Start of THE DATA

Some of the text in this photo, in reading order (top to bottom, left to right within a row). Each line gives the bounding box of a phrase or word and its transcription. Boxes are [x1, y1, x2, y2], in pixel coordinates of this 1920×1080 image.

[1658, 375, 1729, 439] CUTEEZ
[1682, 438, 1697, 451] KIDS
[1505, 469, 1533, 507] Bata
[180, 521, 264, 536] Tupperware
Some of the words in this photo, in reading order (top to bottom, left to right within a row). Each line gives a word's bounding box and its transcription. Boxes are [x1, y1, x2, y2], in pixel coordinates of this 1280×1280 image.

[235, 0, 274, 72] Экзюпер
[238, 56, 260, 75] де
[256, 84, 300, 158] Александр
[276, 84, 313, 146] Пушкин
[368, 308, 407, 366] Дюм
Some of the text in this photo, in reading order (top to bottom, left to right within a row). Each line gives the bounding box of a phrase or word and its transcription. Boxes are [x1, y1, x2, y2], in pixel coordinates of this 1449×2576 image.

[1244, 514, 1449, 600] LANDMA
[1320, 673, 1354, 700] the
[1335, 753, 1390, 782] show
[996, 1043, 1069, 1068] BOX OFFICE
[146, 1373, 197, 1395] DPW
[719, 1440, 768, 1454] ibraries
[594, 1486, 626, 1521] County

End of THE DATA

- REQUIREMENT -
Your answer should be an exact transcription of the data above.

- ANSWER TO THIS EXERCISE -
Some of the text in this photo, in reading order (top to bottom, left to right within a row). Each line gives the bounding box of a phrase or word and its transcription. Boxes are [x1, y1, x2, y2], in pixel coordinates of this 1920×1080 image.

[1658, 375, 1729, 439] CUTEEZ
[1682, 438, 1697, 451] KIDS
[1505, 469, 1533, 507] Bata
[180, 521, 264, 536] Tupperware
Some of the words in this photo, in reading order (top to bottom, left to right within a row). Each line gives a word's bounding box and its transcription. Boxes are [x1, y1, x2, y2], in pixel coordinates of this 1280×1280 image.

[235, 0, 274, 72] Экзюпер
[238, 56, 260, 75] де
[256, 84, 300, 158] Александр
[276, 84, 313, 146] Пушкин
[368, 308, 407, 366] Дюм
Some of the text in this photo, in reading order (top to bottom, left to right within a row). Each line gives the bounding box of a phrase or word and its transcription. Boxes are [x1, y1, x2, y2], in pixel coordinates of this 1449×2576 image.

[1244, 514, 1449, 600] LANDMA
[1320, 673, 1354, 700] the
[1335, 753, 1390, 782] show
[996, 1043, 1069, 1068] BOX OFFICE
[146, 1373, 197, 1395] DPW
[719, 1440, 768, 1454] ibraries
[594, 1486, 626, 1521] County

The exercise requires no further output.